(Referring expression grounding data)
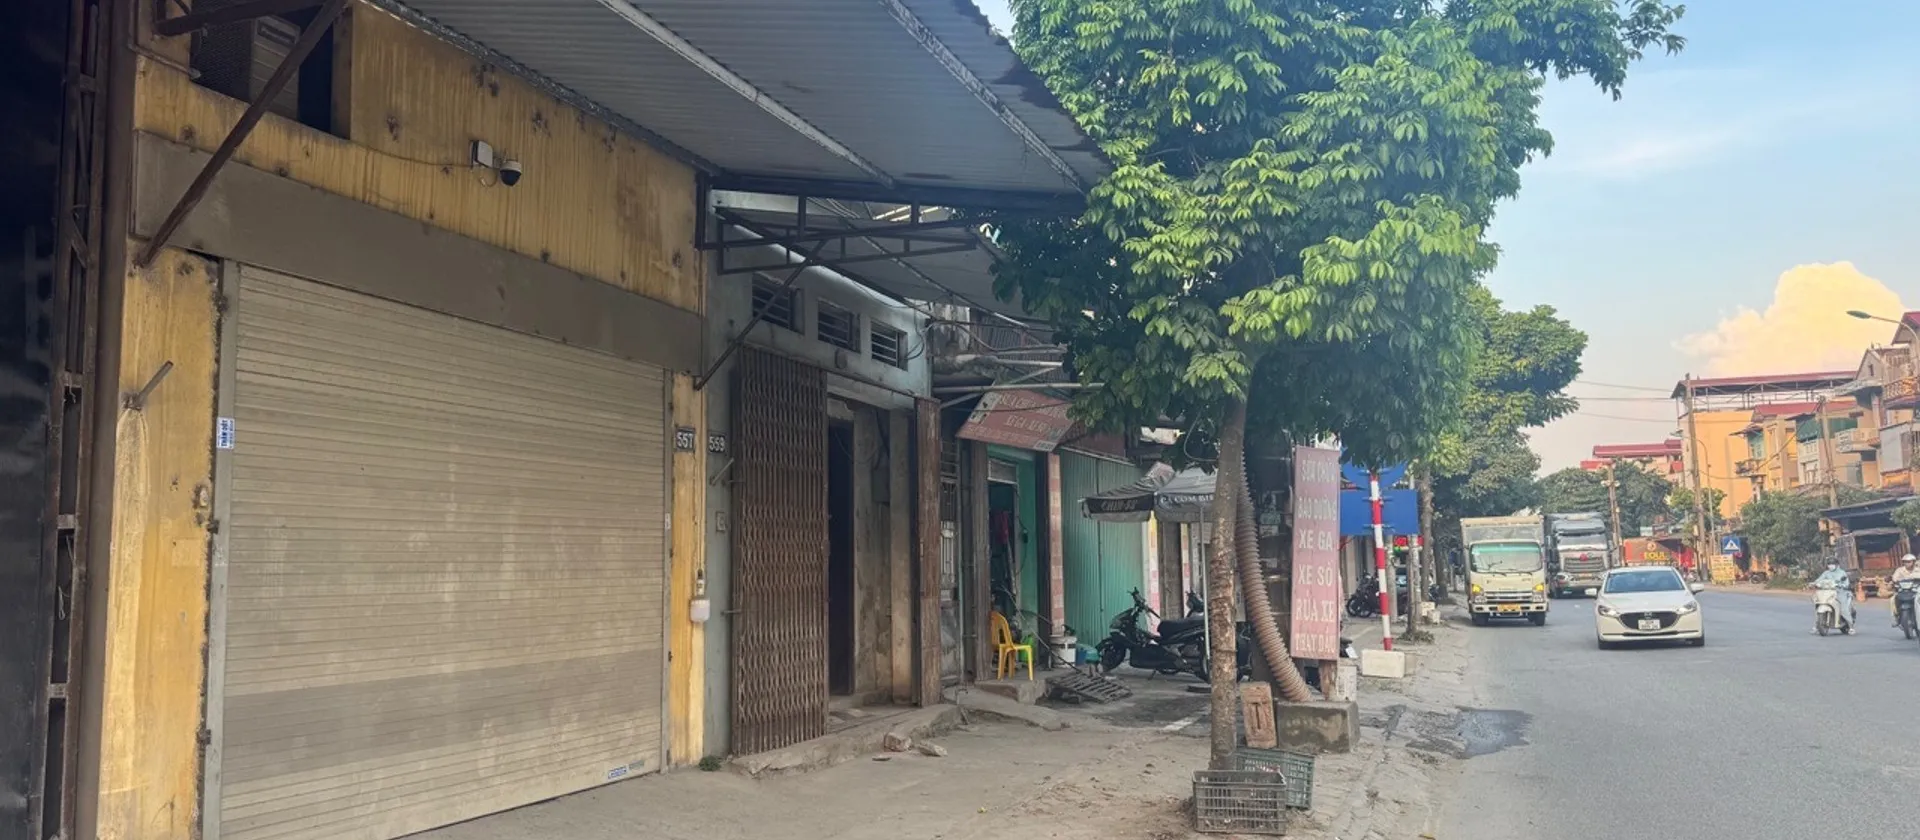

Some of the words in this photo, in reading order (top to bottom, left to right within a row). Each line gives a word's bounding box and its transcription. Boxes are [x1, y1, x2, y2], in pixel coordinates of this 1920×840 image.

[677, 431, 693, 448] 557
[710, 436, 725, 451] 559
[1299, 528, 1314, 549] XE
[1318, 530, 1333, 552] GA
[1298, 563, 1313, 585] XE
[1321, 600, 1335, 622] XE

**Exercise objective**: Return the records verbatim, minus pictures.

**Solution to this task**:
Some of the words in this photo, in reading order (top to bottom, left to right within a row). Each line gives a word's bounding box and its transcription. Boxes are [x1, y1, x2, y2], in pixel coordinates of this 1920×840 image.

[677, 431, 693, 448] 557
[710, 436, 725, 451] 559
[1299, 528, 1314, 549] XE
[1318, 530, 1333, 552] GA
[1298, 563, 1313, 585] XE
[1321, 600, 1335, 622] XE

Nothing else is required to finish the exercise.